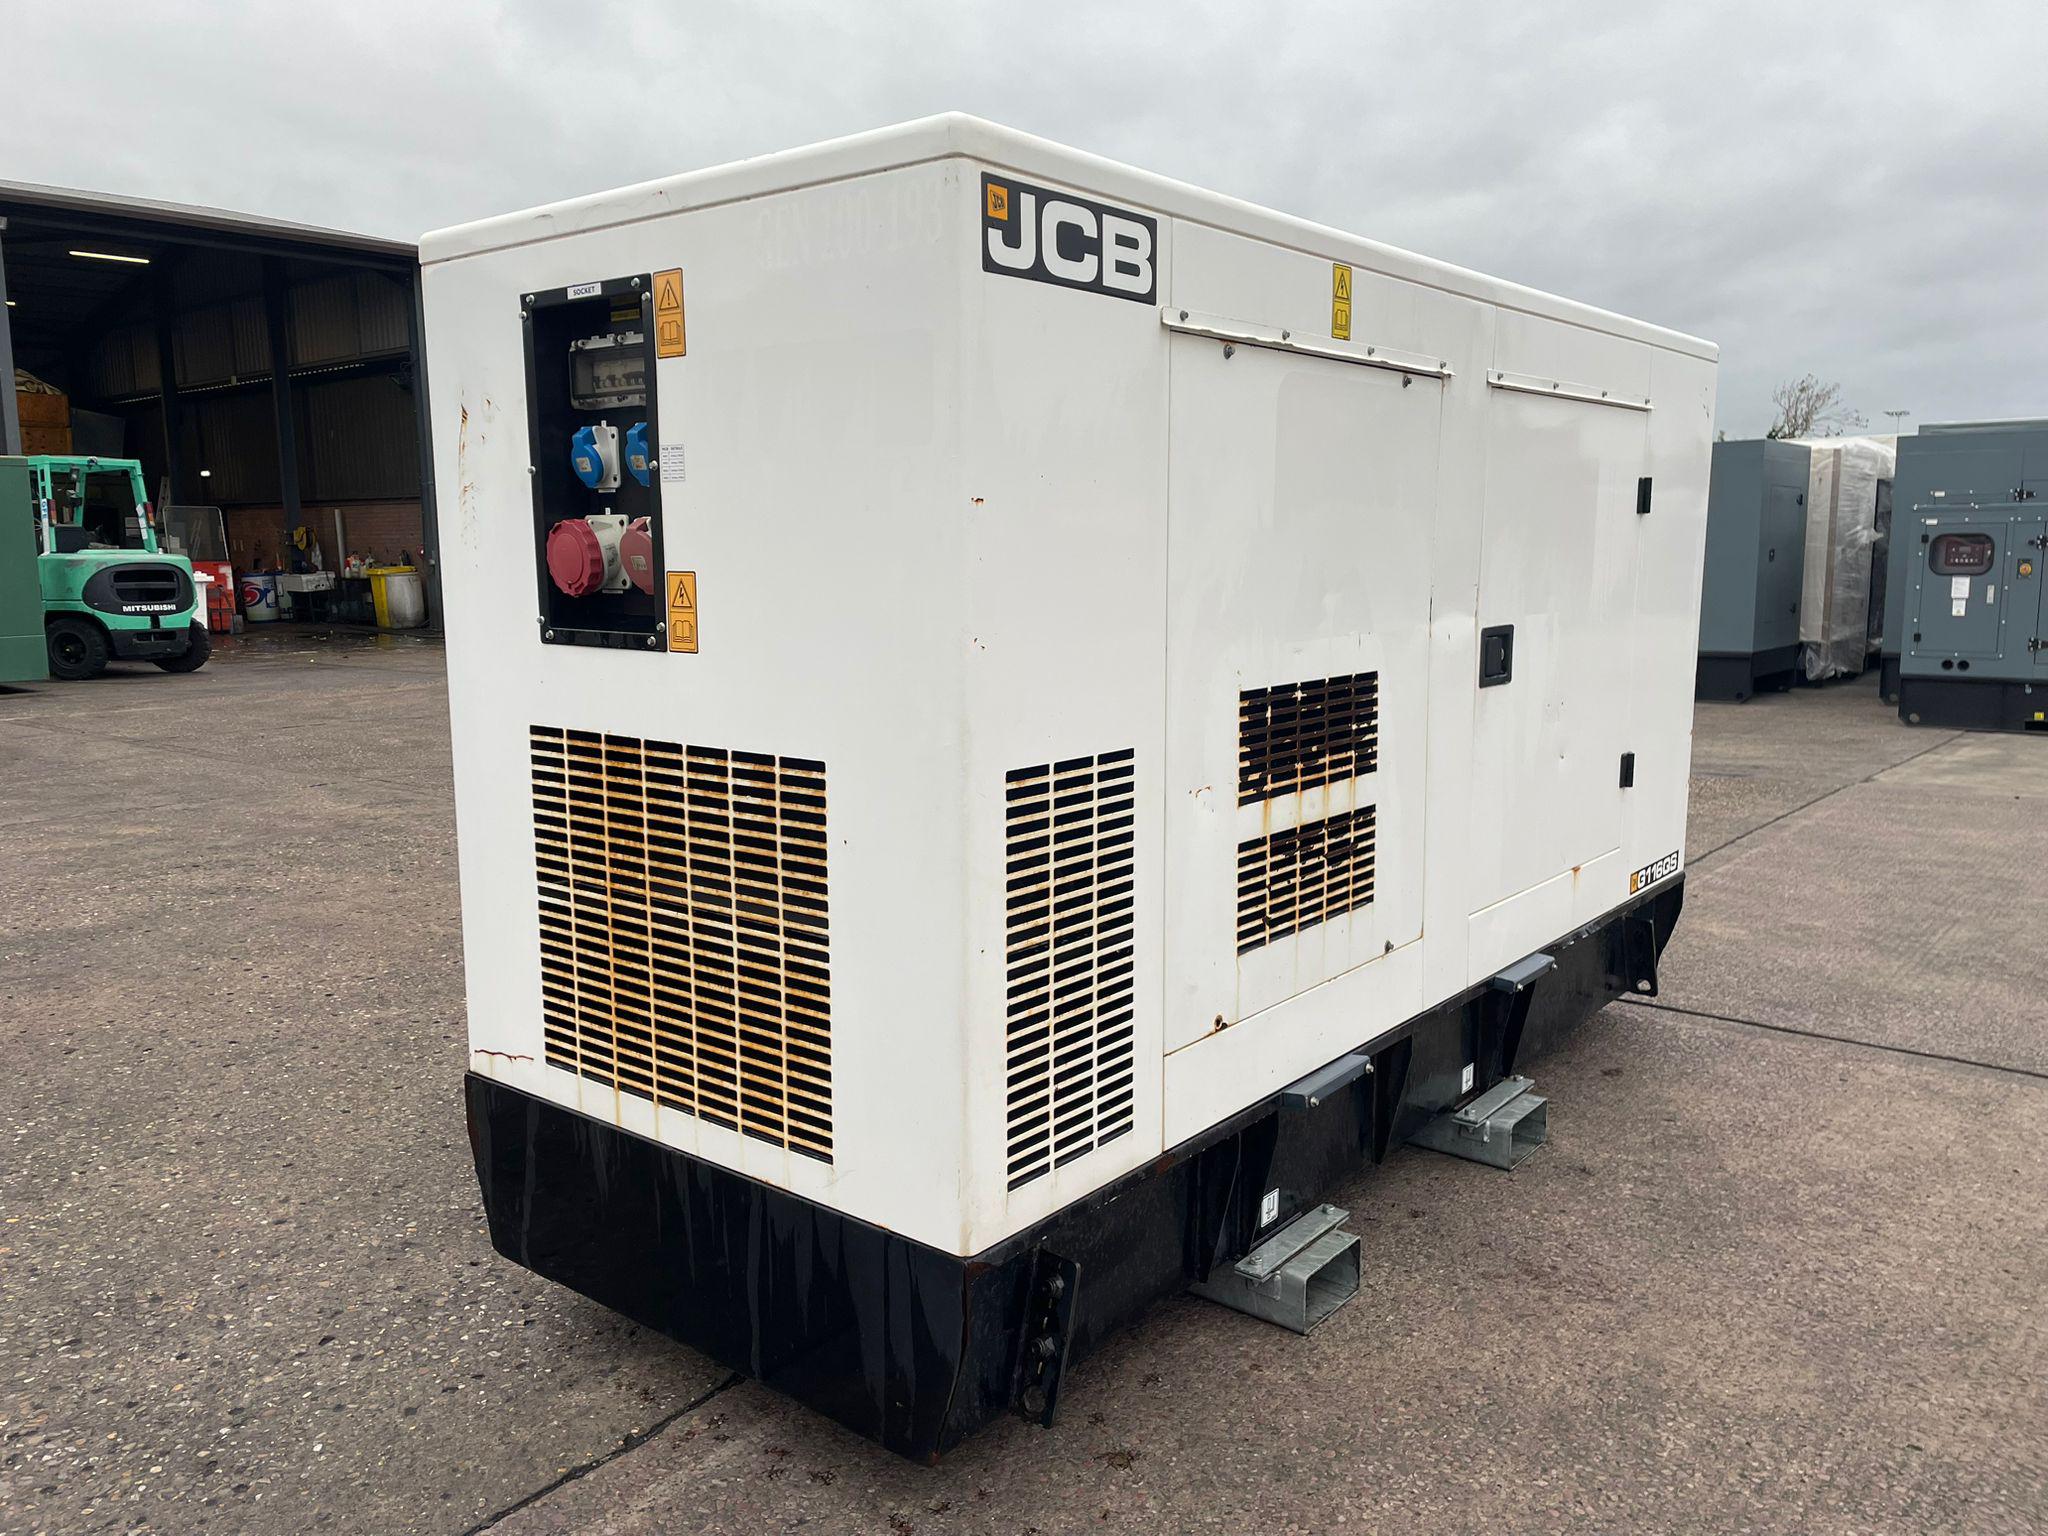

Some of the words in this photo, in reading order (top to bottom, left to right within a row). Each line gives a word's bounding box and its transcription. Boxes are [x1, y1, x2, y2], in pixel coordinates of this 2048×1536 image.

[987, 192, 1153, 295] JCB
[573, 286, 595, 296] SOCKET
[122, 604, 177, 612] MITSUBISHI
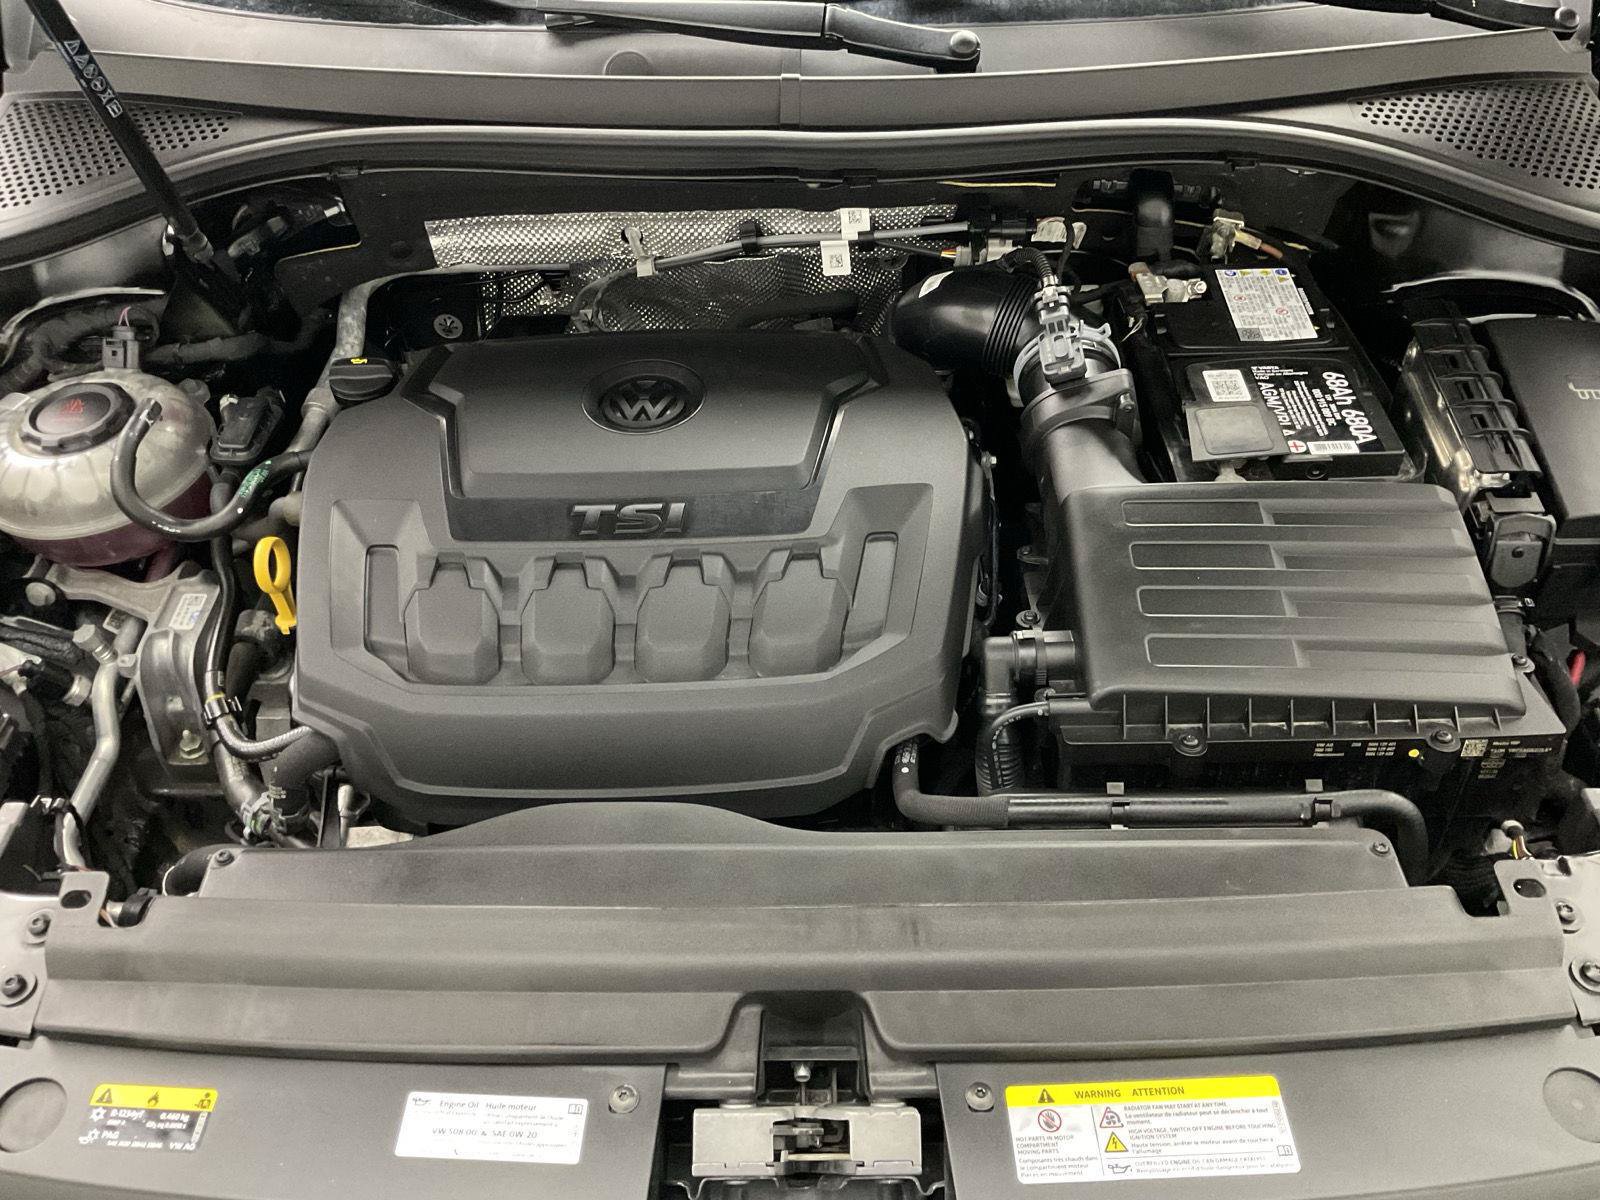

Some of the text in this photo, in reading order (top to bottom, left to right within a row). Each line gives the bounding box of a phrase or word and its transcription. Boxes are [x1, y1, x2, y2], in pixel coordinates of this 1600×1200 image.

[602, 374, 685, 429] VW
[1322, 372, 1377, 444] 68Ah 680A
[571, 502, 686, 535] TSI
[440, 1100, 466, 1109] Engine
[1075, 1086, 1184, 1099] WARNING ATTENTION

§ Problem description
From the first line to the last, repeat the records exactly and skip the pictures.

§ Your solution
Some of the words in this photo, in reading order (top to bottom, left to right within a row). Each line gives a word's bounding box and its transcription. Boxes are [x1, y1, x2, y2], in pixel coordinates of this 2048×1536 image.

[987, 192, 1153, 295] JCB
[573, 286, 595, 296] SOCKET
[122, 604, 177, 612] MITSUBISHI

Some of the text in this photo, in reading order (top to bottom, left to right within a row). Each line gives the bounding box of a phrase or word and its transcription. Boxes are [x1, y1, x2, y2], in pixel coordinates of this 1600×1200 image.

[602, 374, 685, 429] VW
[1322, 372, 1377, 444] 68Ah 680A
[571, 502, 686, 535] TSI
[440, 1100, 466, 1109] Engine
[1075, 1086, 1184, 1099] WARNING ATTENTION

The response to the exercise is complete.